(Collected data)
---
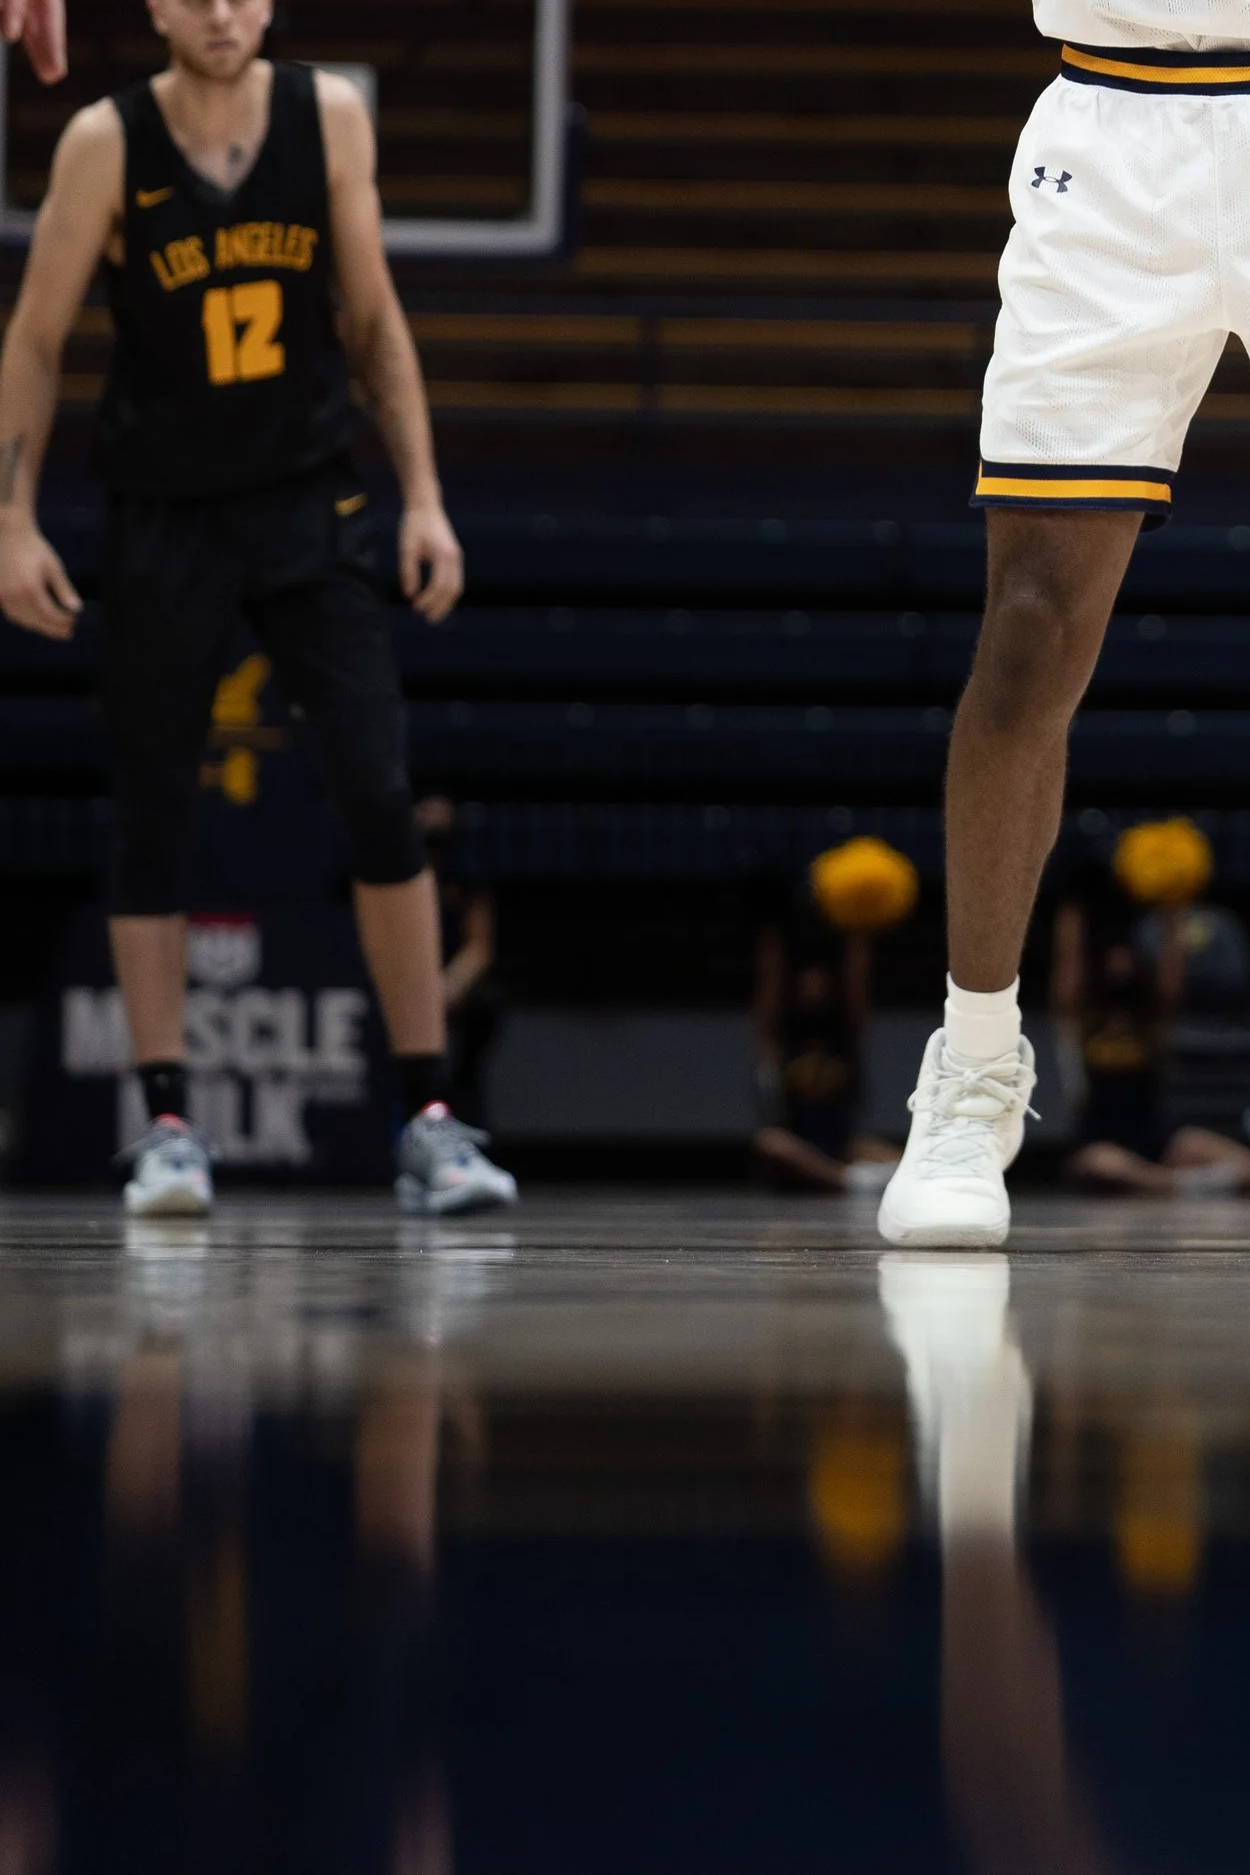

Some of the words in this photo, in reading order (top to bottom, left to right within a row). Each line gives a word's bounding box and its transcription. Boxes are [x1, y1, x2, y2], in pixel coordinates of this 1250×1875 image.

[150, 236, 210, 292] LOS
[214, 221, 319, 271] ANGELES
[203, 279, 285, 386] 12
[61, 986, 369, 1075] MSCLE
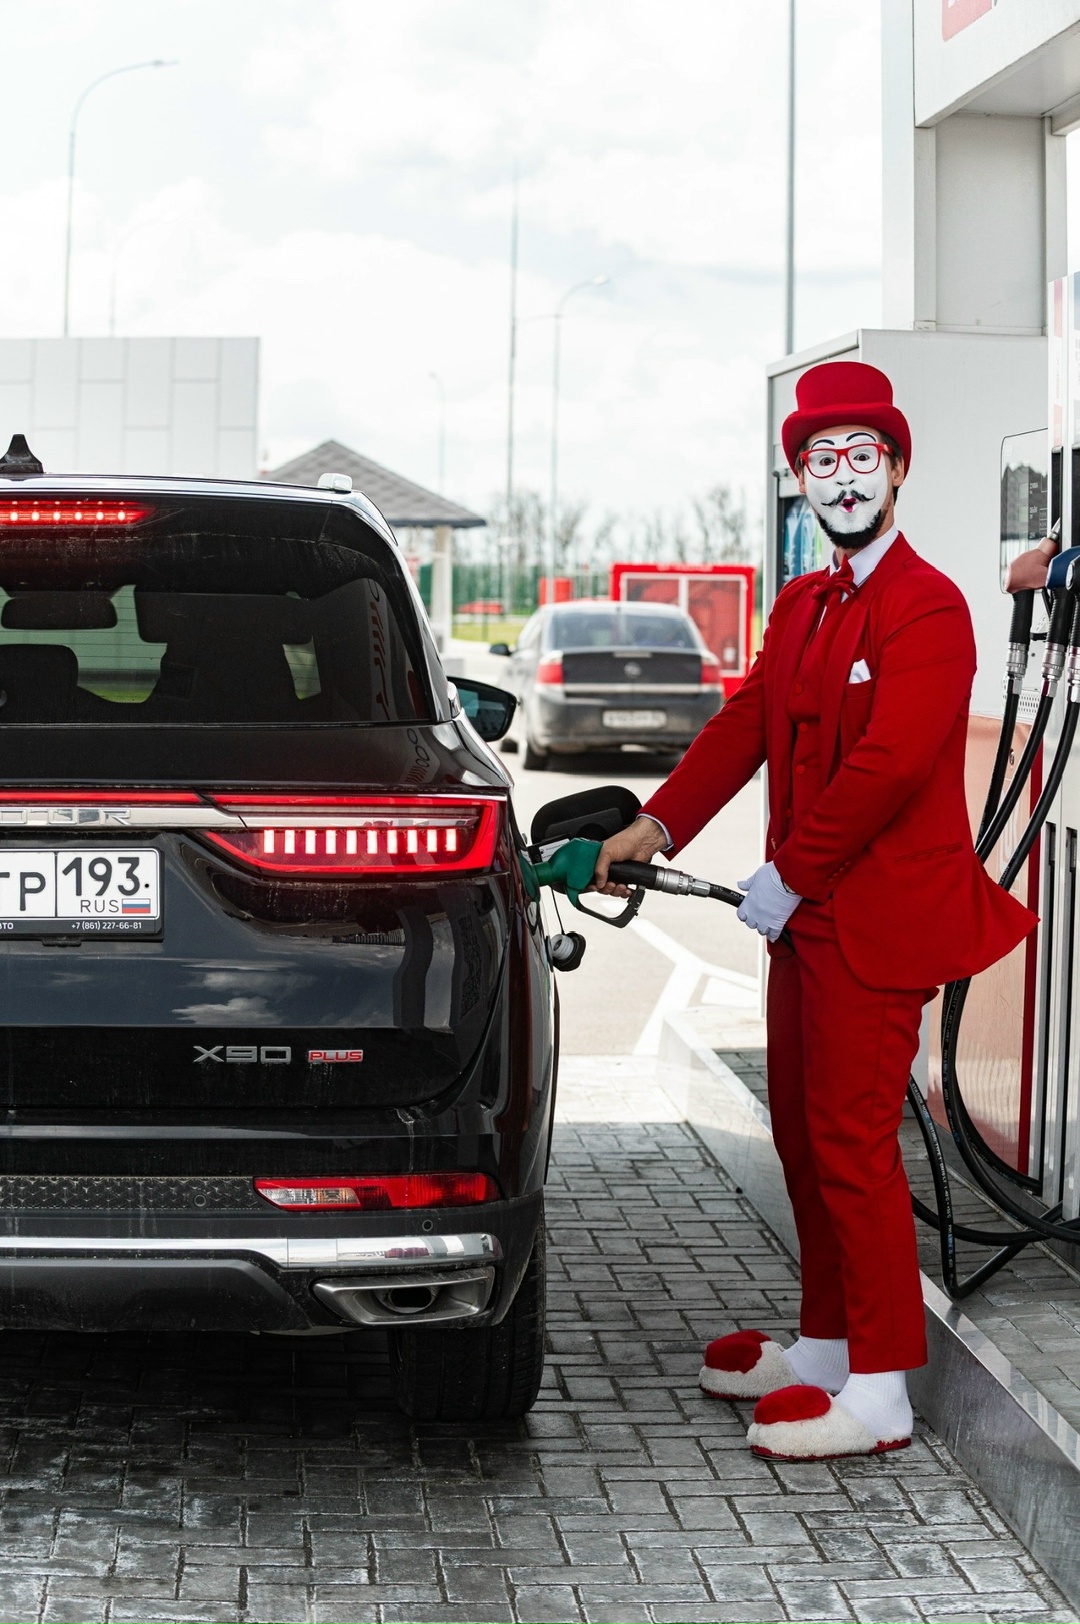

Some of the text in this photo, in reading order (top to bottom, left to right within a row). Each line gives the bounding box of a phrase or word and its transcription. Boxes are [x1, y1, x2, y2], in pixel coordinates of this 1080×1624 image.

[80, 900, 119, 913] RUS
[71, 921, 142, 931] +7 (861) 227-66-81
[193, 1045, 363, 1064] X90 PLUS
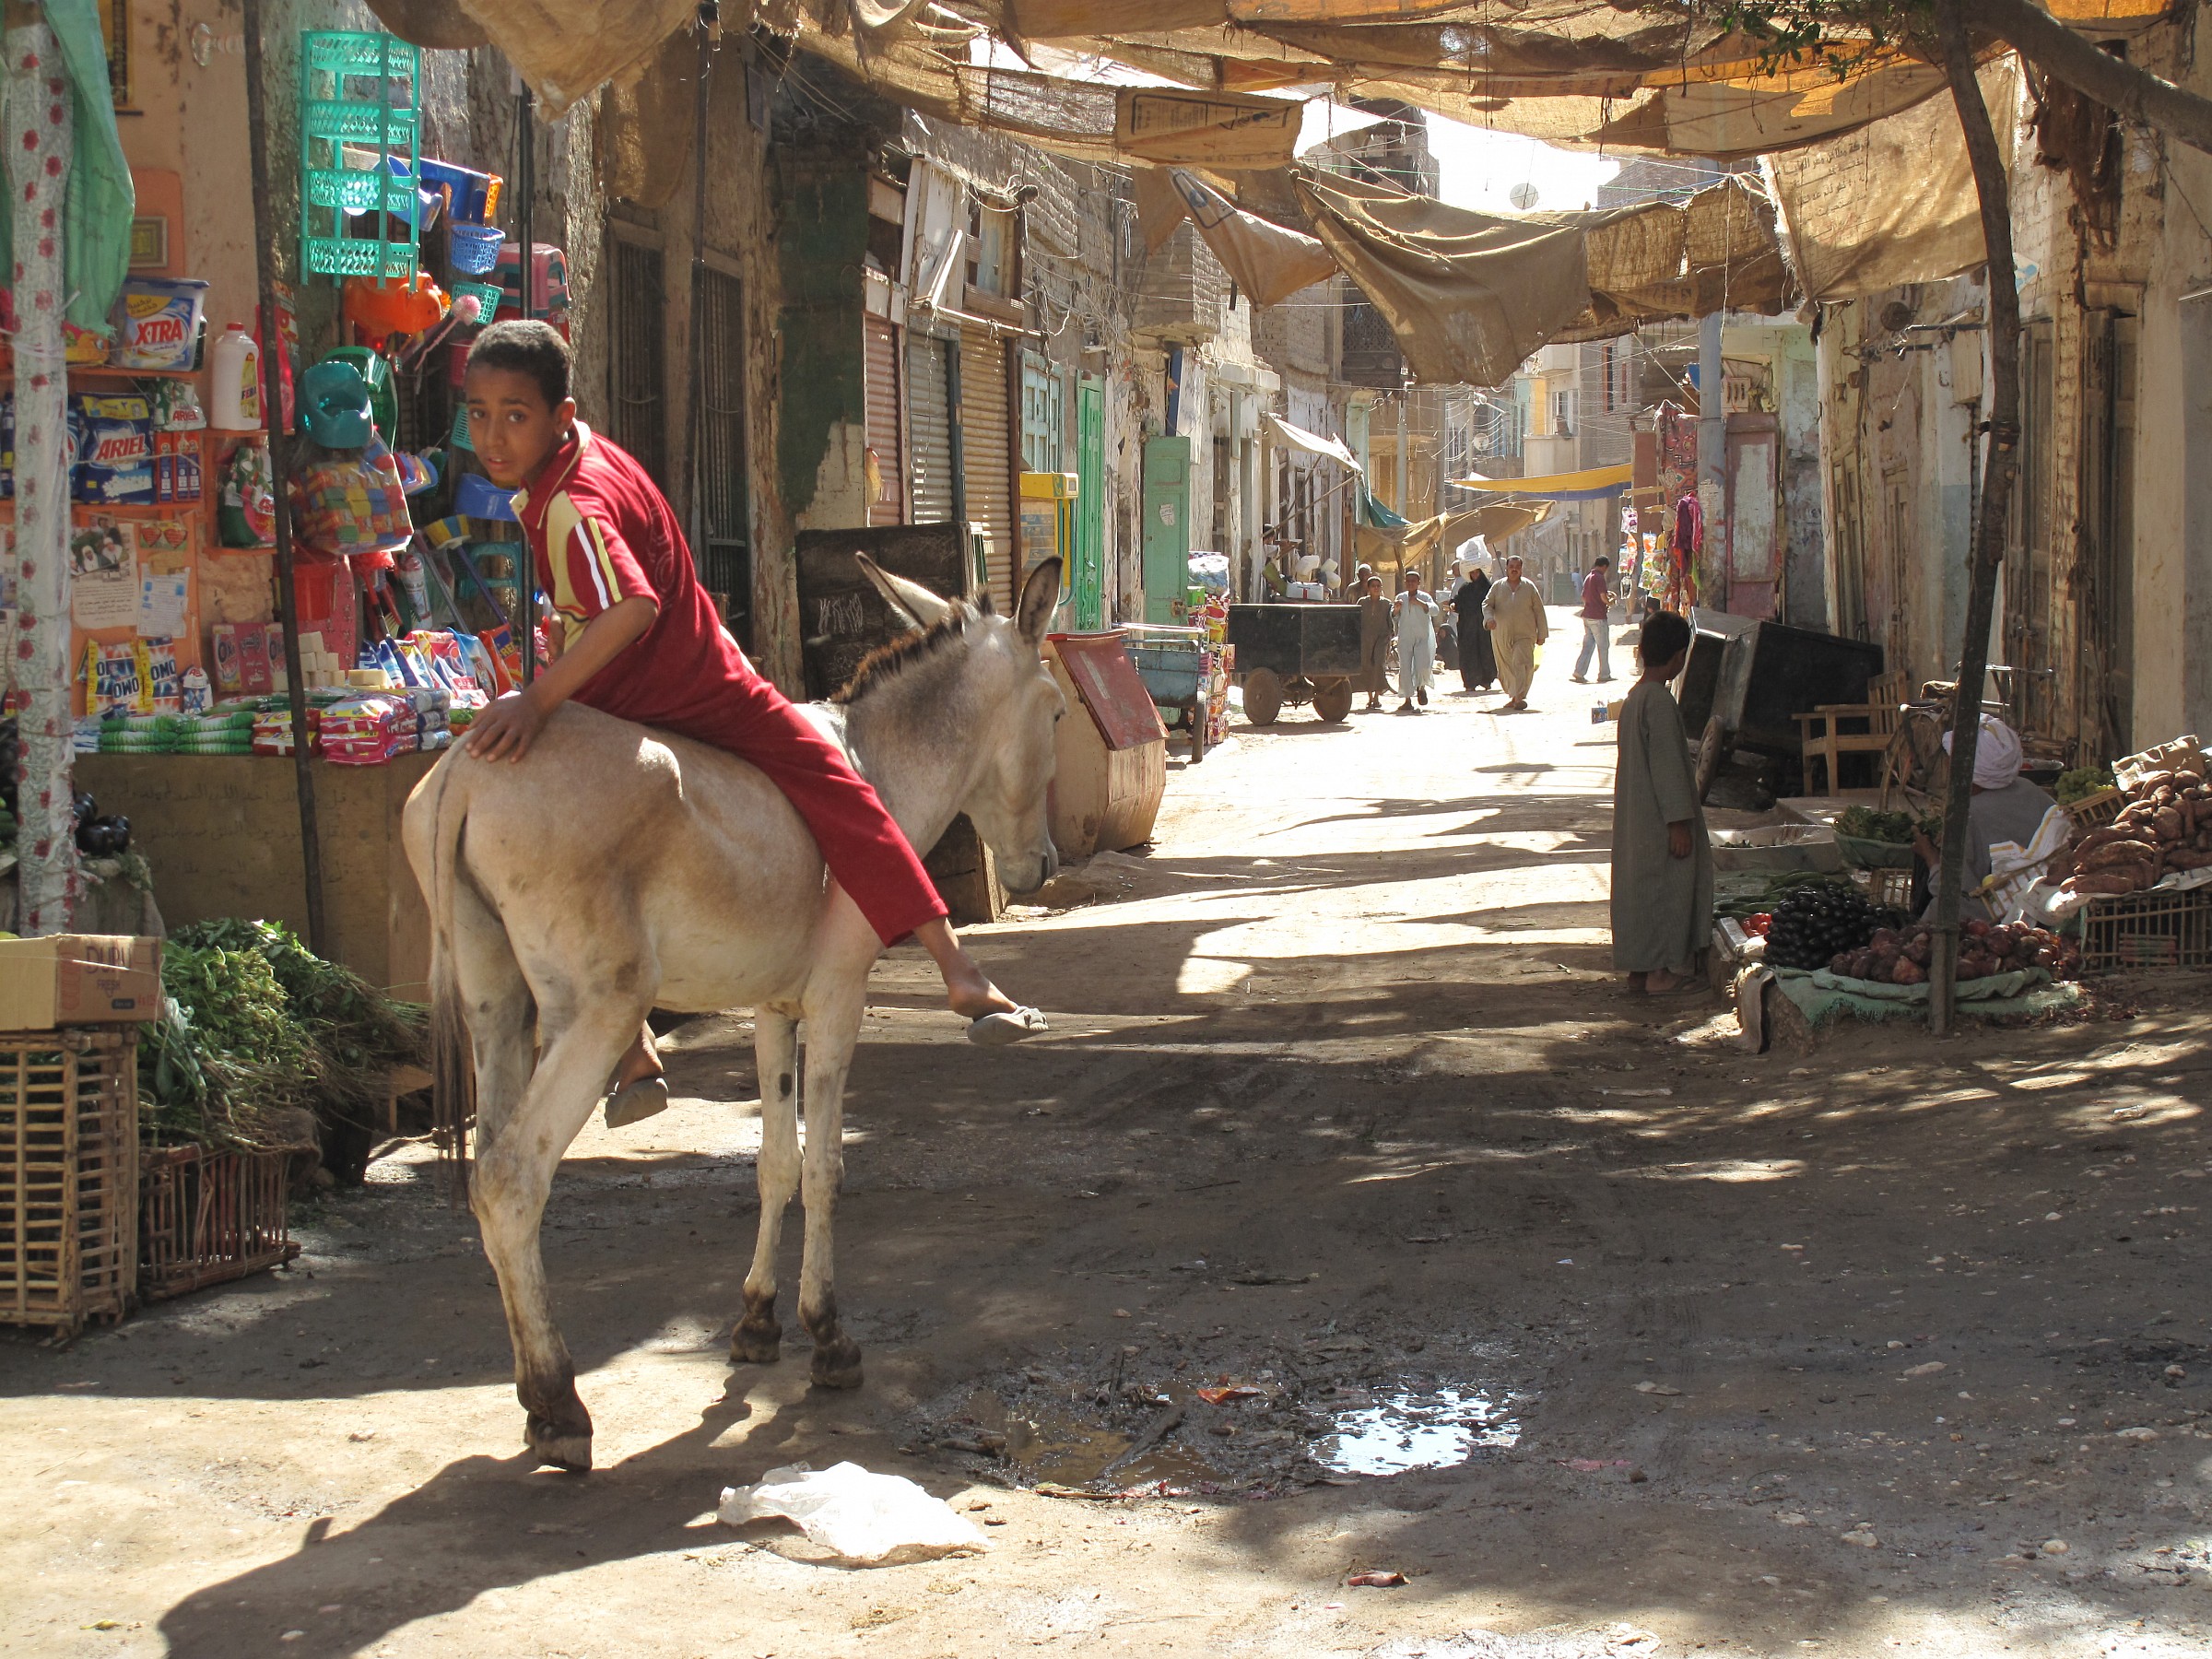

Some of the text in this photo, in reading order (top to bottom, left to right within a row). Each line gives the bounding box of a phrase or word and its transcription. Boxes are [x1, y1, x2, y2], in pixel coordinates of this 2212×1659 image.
---
• **Aim of the task**
Should a picture appear among the entries, skip it and copy the rest exactly.

• **Written reply**
Some of the words in this photo, in reading order (top to bottom, left to right within a row). Each line gives a word's bounding box and its transcription. Boxes are [x1, y1, x2, y2], in pixel coordinates of this 1250×1875 image.

[150, 236, 210, 292] LOS
[214, 221, 319, 271] ANGELES
[203, 279, 285, 386] 12
[61, 986, 369, 1075] MSCLE

Some of the text in this photo, in reading order (top to bottom, left to right within a row). Each line gives the bounding box of a phrase or word and its transcription. Boxes are [x1, y1, x2, y2], in pixel coordinates of this 1080×1624 image.

[80, 900, 119, 913] RUS
[71, 921, 142, 931] +7 (861) 227-66-81
[193, 1045, 363, 1064] X90 PLUS

Some of the text in this photo, in reading order (top to bottom, left to right within a row). Each line gives the bounding box of a phrase or word and its transcription. Boxes are [x1, y1, x2, y2], in pixel coordinates of this 2212×1659 image.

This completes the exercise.